法律知識とストレス対処

離婚届を出す前に必ず話し合い!「住宅ローンが残っている場合の財産分与」について

協議離婚の財産分与で、必ず問題になるのが「現在住んでいる住居をどうするか」ということです。
例えば、住宅ローン付きマンションの場合、「さっぱりと売って、お金を分けたい。」
「でも、今売ったら安いし、ローンの始末はどうするの?」ということになります。

実は、売る売らないよりも、財産額を特定するのが先決なのです。
財産にはプラスとマイナスがありますので、まずはマンションの時価からローンの残額を引いた額は
いくらなのかを算出します。

【例】6年前に夫名義のローンで3千万円で購入したマンションが、
まだ2千5百万円のローンが残っている。
不動産屋の評価では、時価2千3百万円のこと。

この場合、まず前提として婚姻生活のために負った借金は、夫婦双方が負担することになります。名義は夫でも、夫婦のマイナス財産ということです。
つまり、売却額2千3百万円―残債2千5百万円=-2百万円。
このマイナス2百万円を夫婦で支払うことになります。
もし他にも預金などの財産があればこれを加えて、プラスになればそれが財産分与の対象となります。
他に財産がなければ住宅ローンのマイナスの財産だけを、各自どのように負担するかを決定するのです。

この住宅ローンが残っている場合は、大体下記のパターンがあるのでご参考にしてください。

パターン①

マンションを処分して現金化し、分ける。

パターン②

夫が別途、妻に対する支払分を工面して妻に支払い、自分で住む。

パターン③

妻が離婚後の住まいに住み続ける。
この場合、名義やローン支払の問題があるので、更に以下のように分類されます。

パターン③-1

名義を妻にし、引き続き夫にローンを支払ってもらう。
⇒名義変更にはローンを扱っている金融機関の了承が必要です。
名義変更をすると、住宅ローン残額を一度に支払わなければならないこともあるのでご注意ください。

パターン③-2

名義を妻にし、ローンを妻の支払いに変える。
⇒名義変更にはローンを扱っている金融機関の了承が必要です。
金融機関からは、一旦ローン全額を返済し、新たに借り換えを行うように言われます。
妻の収入が低い場合には、借り換えが認められないこともありますのでご注意ください。

パターン③-3

名義を夫のままにし、妻がローンを払っていく。

パターン③-4

名義は夫のままにし、ローンもこのまま夫が支払いを続け、居住するのは妻。
⇒話し合いがつけば可能です。この場合、妻の居住利益は「慰謝料」「扶養目的の財産分与」と
捉えることができます。
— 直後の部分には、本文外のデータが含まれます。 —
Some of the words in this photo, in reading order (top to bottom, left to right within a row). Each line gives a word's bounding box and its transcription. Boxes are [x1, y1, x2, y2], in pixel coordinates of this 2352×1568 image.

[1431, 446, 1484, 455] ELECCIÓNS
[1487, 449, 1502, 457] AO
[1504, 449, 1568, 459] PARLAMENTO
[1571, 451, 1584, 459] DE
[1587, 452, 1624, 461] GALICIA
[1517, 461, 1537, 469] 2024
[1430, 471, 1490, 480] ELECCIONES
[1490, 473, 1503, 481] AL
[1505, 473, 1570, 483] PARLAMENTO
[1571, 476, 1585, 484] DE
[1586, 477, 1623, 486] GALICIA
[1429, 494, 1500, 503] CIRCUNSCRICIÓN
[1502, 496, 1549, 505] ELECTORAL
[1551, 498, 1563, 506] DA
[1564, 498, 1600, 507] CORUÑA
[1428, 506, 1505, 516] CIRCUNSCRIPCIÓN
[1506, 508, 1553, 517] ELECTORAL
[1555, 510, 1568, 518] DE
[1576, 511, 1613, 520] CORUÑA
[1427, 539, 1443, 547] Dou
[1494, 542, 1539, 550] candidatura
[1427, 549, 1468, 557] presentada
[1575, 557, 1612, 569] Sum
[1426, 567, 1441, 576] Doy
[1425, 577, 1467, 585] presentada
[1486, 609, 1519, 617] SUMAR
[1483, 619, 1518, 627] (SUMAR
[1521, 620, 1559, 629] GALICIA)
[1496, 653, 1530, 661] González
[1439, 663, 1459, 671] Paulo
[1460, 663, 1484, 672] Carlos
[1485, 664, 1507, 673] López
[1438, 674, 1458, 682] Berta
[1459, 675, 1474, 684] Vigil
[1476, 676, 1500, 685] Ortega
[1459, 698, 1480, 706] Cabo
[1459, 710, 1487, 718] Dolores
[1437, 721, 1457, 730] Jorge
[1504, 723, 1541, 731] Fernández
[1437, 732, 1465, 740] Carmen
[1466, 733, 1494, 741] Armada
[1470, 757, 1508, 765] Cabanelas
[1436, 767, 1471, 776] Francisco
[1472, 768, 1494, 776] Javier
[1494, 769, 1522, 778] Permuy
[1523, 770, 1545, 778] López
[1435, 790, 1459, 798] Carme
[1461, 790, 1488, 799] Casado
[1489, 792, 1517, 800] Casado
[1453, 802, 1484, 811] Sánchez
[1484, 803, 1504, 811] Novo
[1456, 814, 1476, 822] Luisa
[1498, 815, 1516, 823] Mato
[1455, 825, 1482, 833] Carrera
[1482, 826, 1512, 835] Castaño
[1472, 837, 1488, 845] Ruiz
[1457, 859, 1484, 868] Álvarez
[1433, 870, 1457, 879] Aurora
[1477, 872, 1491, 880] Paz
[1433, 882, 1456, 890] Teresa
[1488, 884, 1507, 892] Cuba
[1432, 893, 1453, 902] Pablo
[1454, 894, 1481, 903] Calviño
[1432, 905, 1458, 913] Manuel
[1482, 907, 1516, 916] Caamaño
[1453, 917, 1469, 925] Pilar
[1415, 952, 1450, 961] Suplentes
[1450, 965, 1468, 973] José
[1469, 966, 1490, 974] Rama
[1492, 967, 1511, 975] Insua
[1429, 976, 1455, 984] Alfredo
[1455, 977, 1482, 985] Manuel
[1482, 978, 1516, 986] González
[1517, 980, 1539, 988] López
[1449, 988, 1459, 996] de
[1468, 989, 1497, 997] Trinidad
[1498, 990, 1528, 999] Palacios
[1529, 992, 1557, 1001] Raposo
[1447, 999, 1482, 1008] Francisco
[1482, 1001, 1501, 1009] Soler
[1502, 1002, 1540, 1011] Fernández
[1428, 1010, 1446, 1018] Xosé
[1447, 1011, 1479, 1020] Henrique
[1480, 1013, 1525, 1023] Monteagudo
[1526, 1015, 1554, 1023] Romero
但し、ローンによっては、ローン借入者が自身で住む必要があることが
条件となっている場合もあるので、必ず金融機関に確認してください。

尚、パターン③-3,4に共通して注意することは、夫の経済状態が悪くなってしまうことです。
この時、売却や差押えで競売にかかってしまうこともあるため、対策として夫を賃貸人、妻を賃借人とした
賃貸借契約を結ぶと良いでしょう。そうすると、もしマンションが第三者に売られてしまっても、
賃借人として継続して住み続けることができます。

パターン③全体を通して、いずれの方法を取るにせよ、離婚専門の行政書士に依頼し、
離婚協議書・離婚公正証書などの書類に記載してもらってください。